Logical Constants and Logicality
Logic is usually said to be formal and topic-neutral, but that presupposes a principled line between logical vocabulary like 'and', 'all', and 'not' and the rest of language.
Definition
Logical constants are the expressions (such as the connectives and quantifiers) whose meaning is held fixed across all interpretations and in virtue of which an argument's validity depends on its form rather than its subject matter.
Scope
This topic concerns the demarcation problem for logic: which expressions are logical constants and what property makes them so. It covers the leading criteria — invariance under permutations of the domain (the Tarski-Sher thesis), proof-theoretic criteria based on harmonious introduction and elimination rules, and grammatical or inferential accounts — and the bearing of this question on what counts as logical form and hence on logical consequence.
Core questions
- Which expressions count as logical constants, and is the list open or closed?
- Is logicality marked by invariance under permutations of the domain?
- Can logical constants be characterized purely by their inference rules, and what constrains admissible rules?

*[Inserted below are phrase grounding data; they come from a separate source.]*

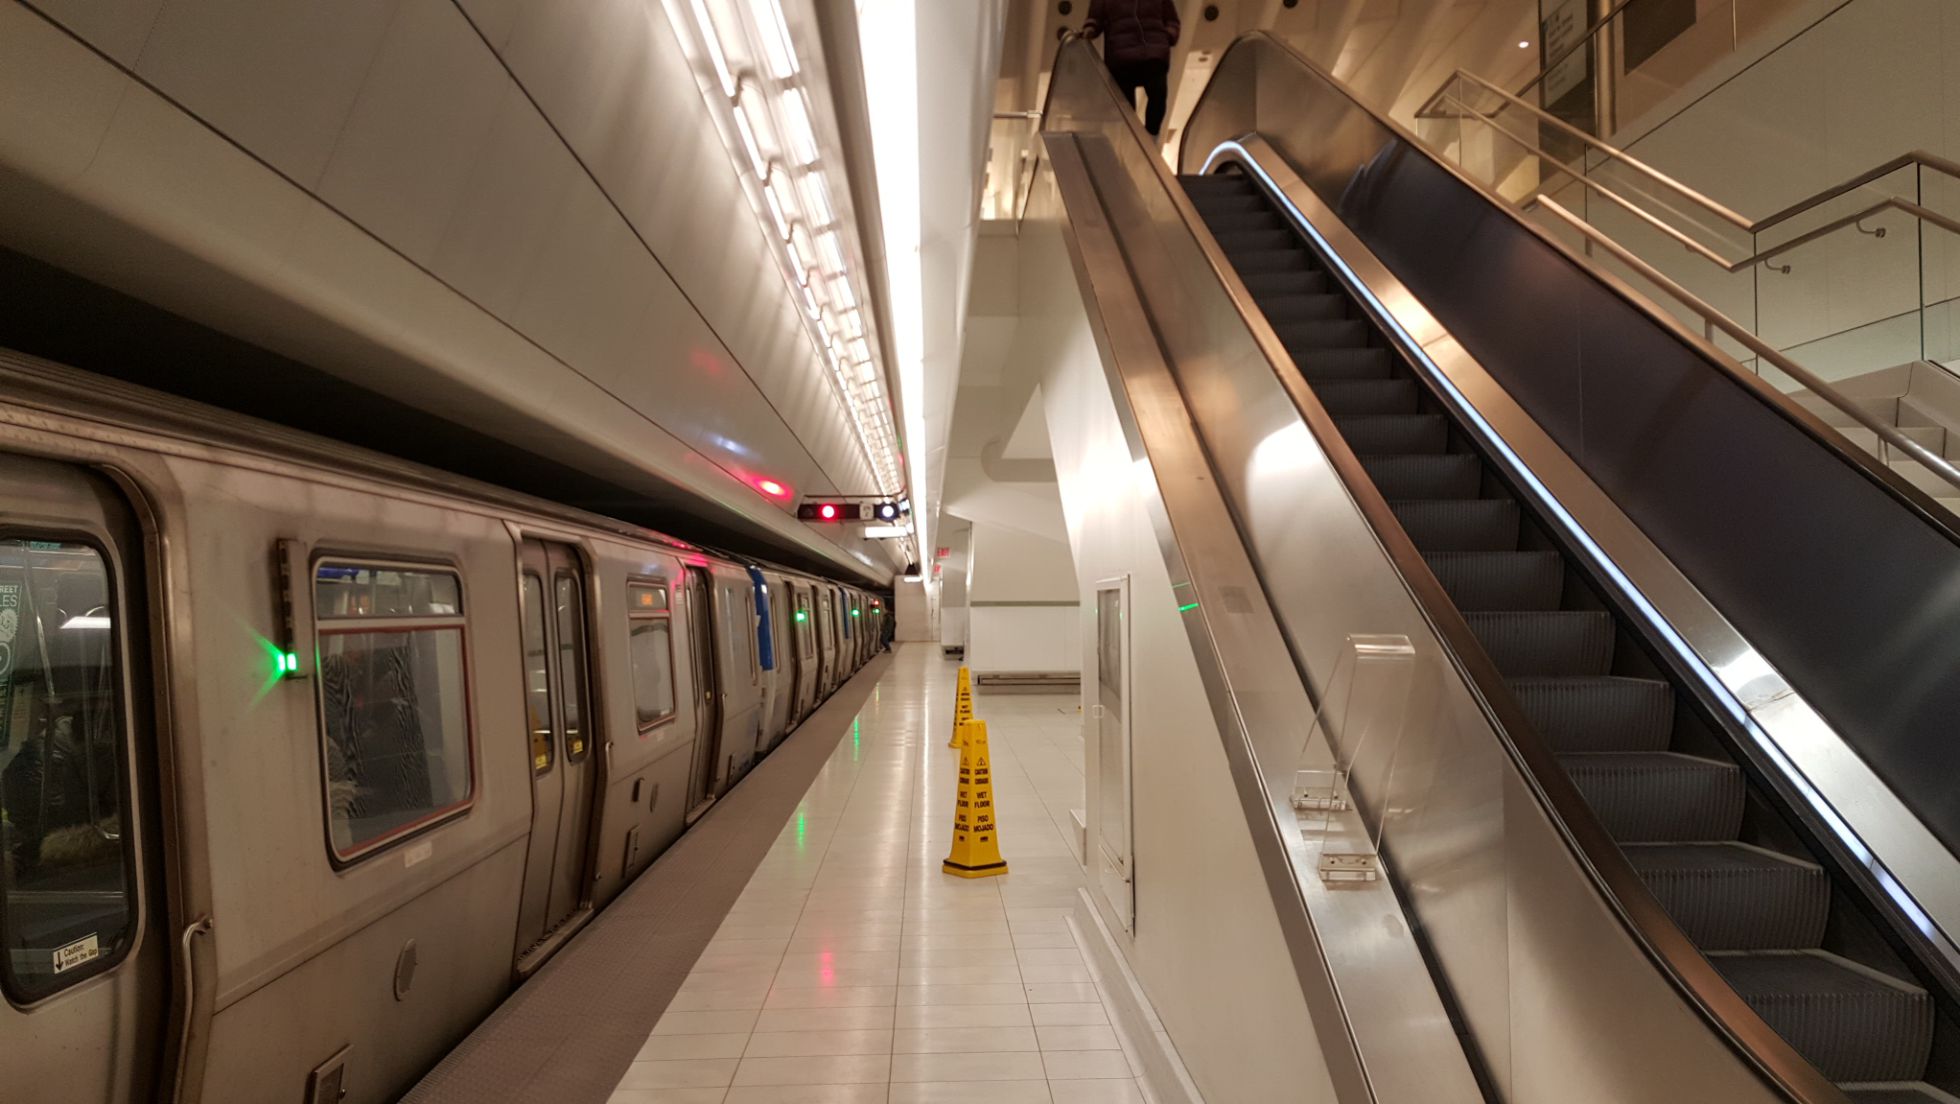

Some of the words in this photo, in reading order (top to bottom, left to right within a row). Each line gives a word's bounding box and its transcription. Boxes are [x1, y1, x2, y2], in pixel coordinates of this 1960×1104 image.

[976, 791, 987, 799] WET
[974, 800, 990, 809] FLOOR
[977, 815, 989, 823] PISO
[973, 823, 994, 833] MOJADO
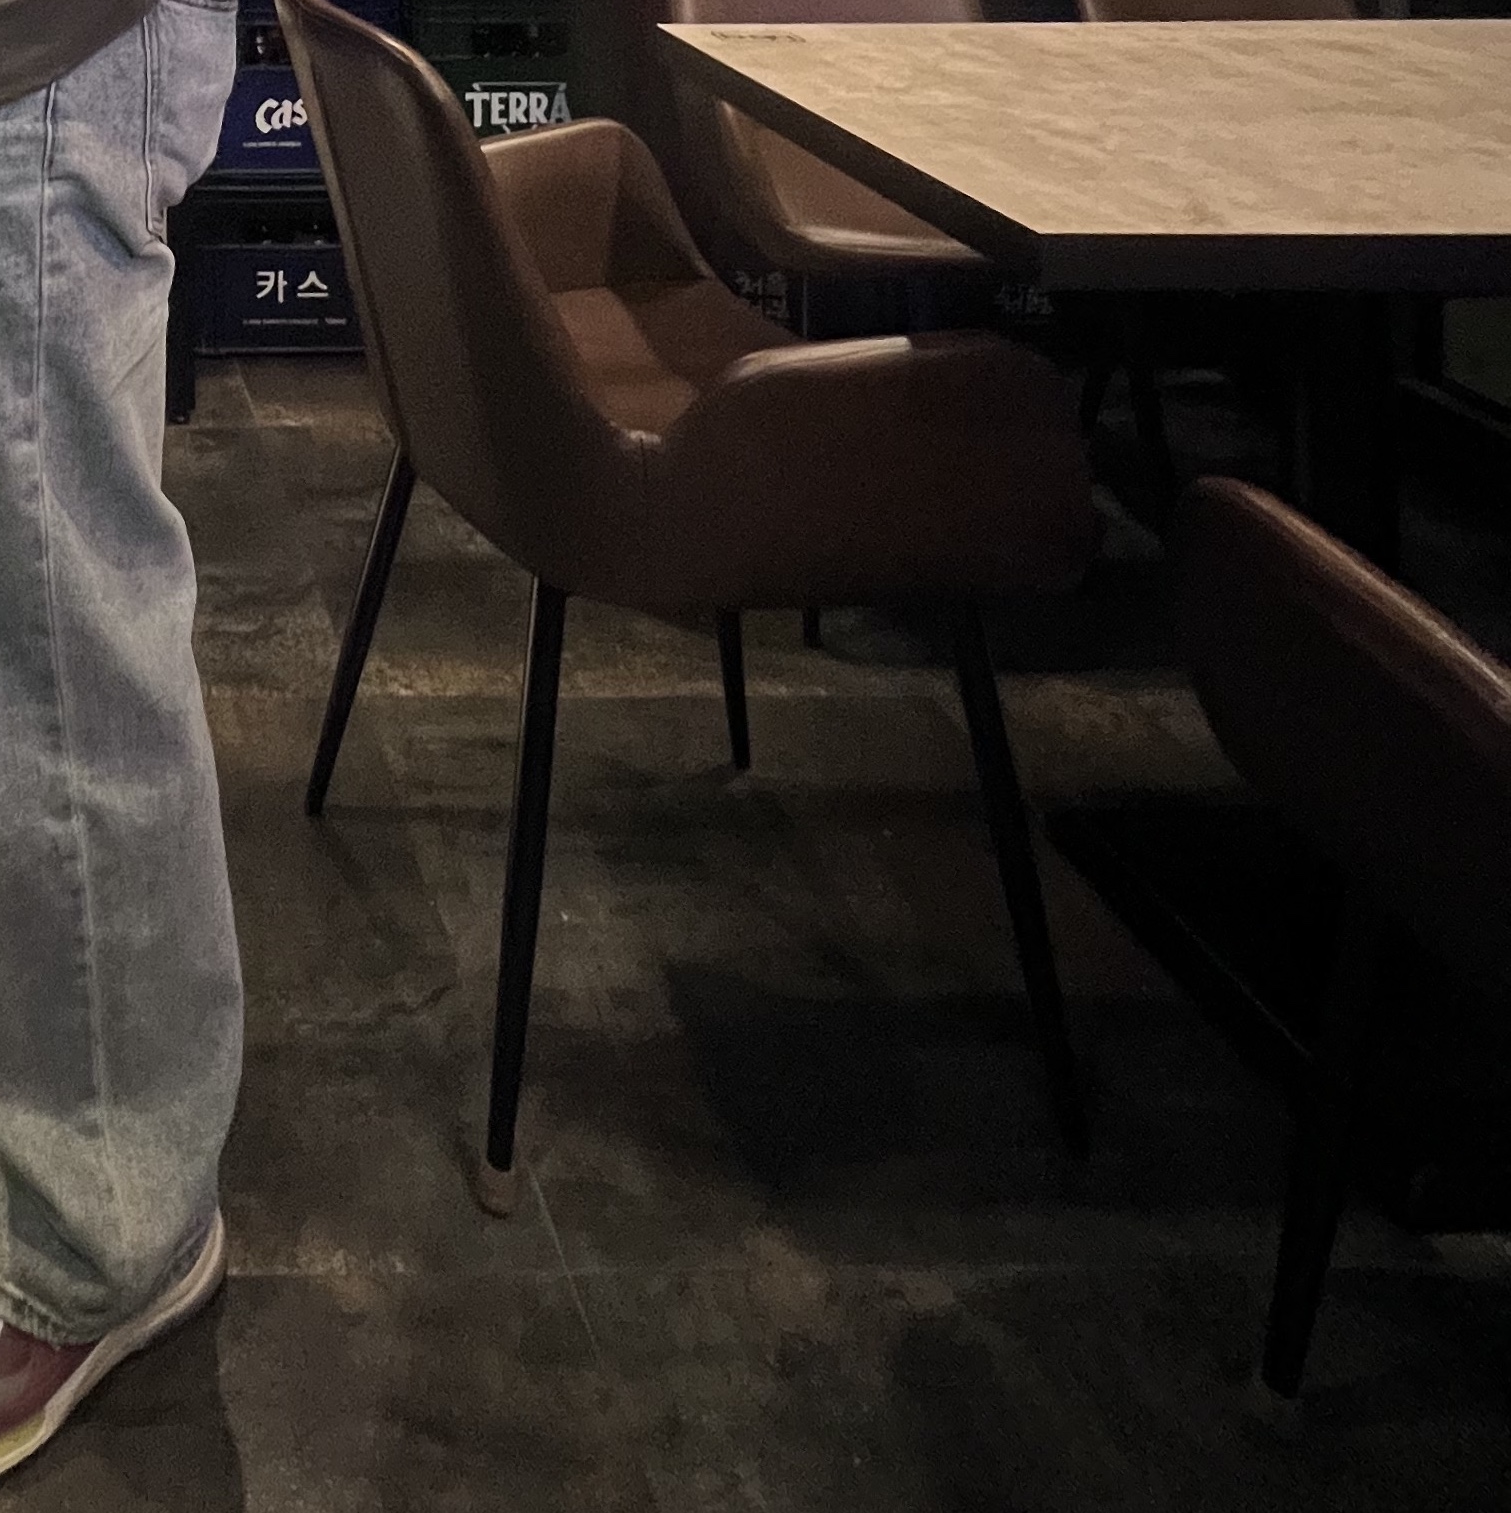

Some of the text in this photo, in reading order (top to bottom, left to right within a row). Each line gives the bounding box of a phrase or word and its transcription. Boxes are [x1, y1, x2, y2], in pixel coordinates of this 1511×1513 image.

[254, 97, 309, 134] Cas
[464, 90, 574, 128] TERRA
[255, 269, 330, 304] 카스
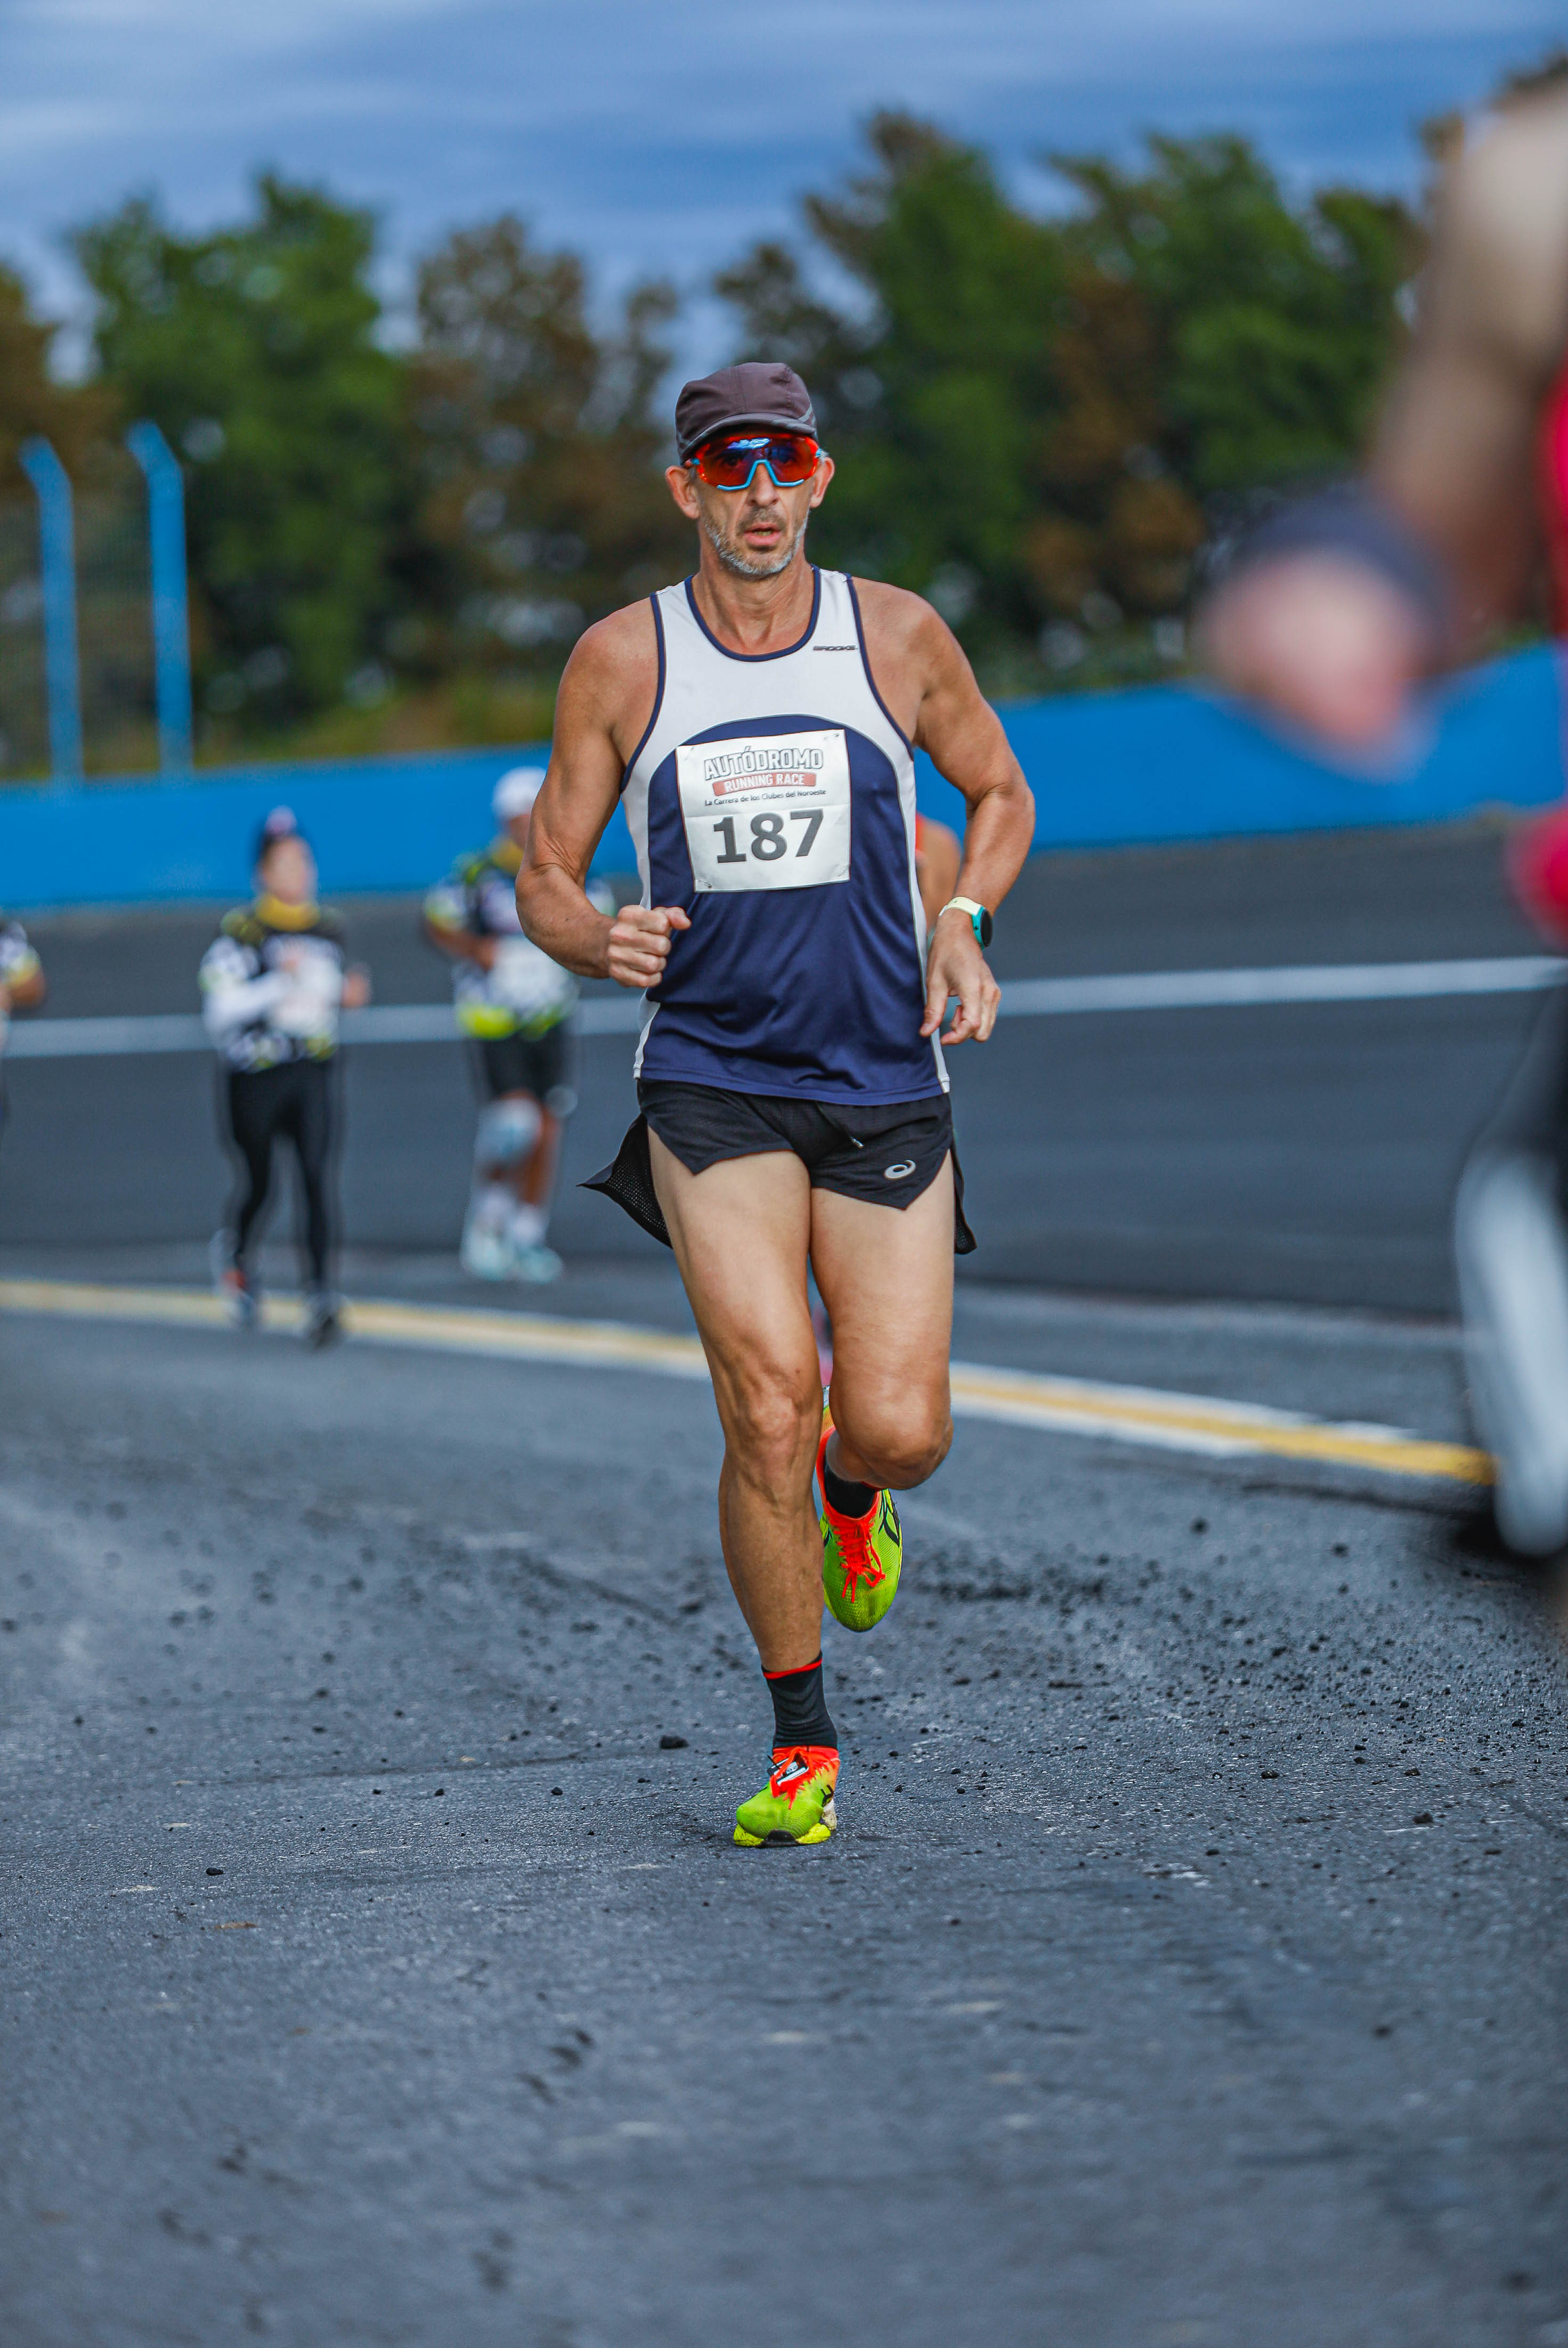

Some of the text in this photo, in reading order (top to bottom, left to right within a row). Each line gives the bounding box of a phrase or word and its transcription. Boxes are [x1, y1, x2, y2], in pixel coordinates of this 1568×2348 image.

- Does the choice of logical constants determine, or merely reflect, the consequence relation?
Key concepts
- topic-neutrality
- permutation invariance
- introduction and elimination rules
- proof-theoretic harmony
- conservativeness
- logical form
Key theories
- Permutation-invariance (Tarski-Sher) criterion
- A notion is logical iff it is invariant under arbitrary permutations of the domain of individuals; this captures topic-neutrality by requiring logical notions to be insensitive to which particular objects exist.
- Proof-theoretic harmony
- A connective is genuinely logical only if its introduction and elimination rules are in harmony, so that no new theorems about the rest of the language are generated; Belnap's response to Prior's 'tonk' shows that arbitrary inference rules cannot define a constant.
History
Gentzen's 1930s natural-deduction rules suggested that connectives might be defined by their inferential role, an idea sharpened by Prior's 1960 'tonk' connective and Belnap's 1962 reply requiring conservativeness and harmony. Tarski's posthumously published 1966 lecture introduced the permutation-invariance criterion, later developed into the Tarski-Sher thesis as the dominant model-theoretic answer.
Debates
- Semantic vs. proof-theoretic demarcation
- Whether logicality is best fixed by a model-theoretic invariance condition or by constraints on inference rules such as harmony and conservativeness, and whether the two approaches agree on which expressions are logical.
Key figures
- Alfred Tarski
- Gila Sher
- Nuel Belnap
- Arthur Prior
- Gerhard Gentzen
Related topics
Seminal works
- tarski1986what
- belnap1962
Frequently asked questions
- What is the 'tonk' problem?
- Arthur Prior proposed a connective 'tonk' whose introduction rule lets you infer 'A tonk B' from A and whose elimination rule lets you infer B from 'A tonk B', so that anything would follow from anything. Belnap argued this shows inference rules can define a genuine connective only if they meet further constraints such as conservativeness, blocking pathological 'definitions'.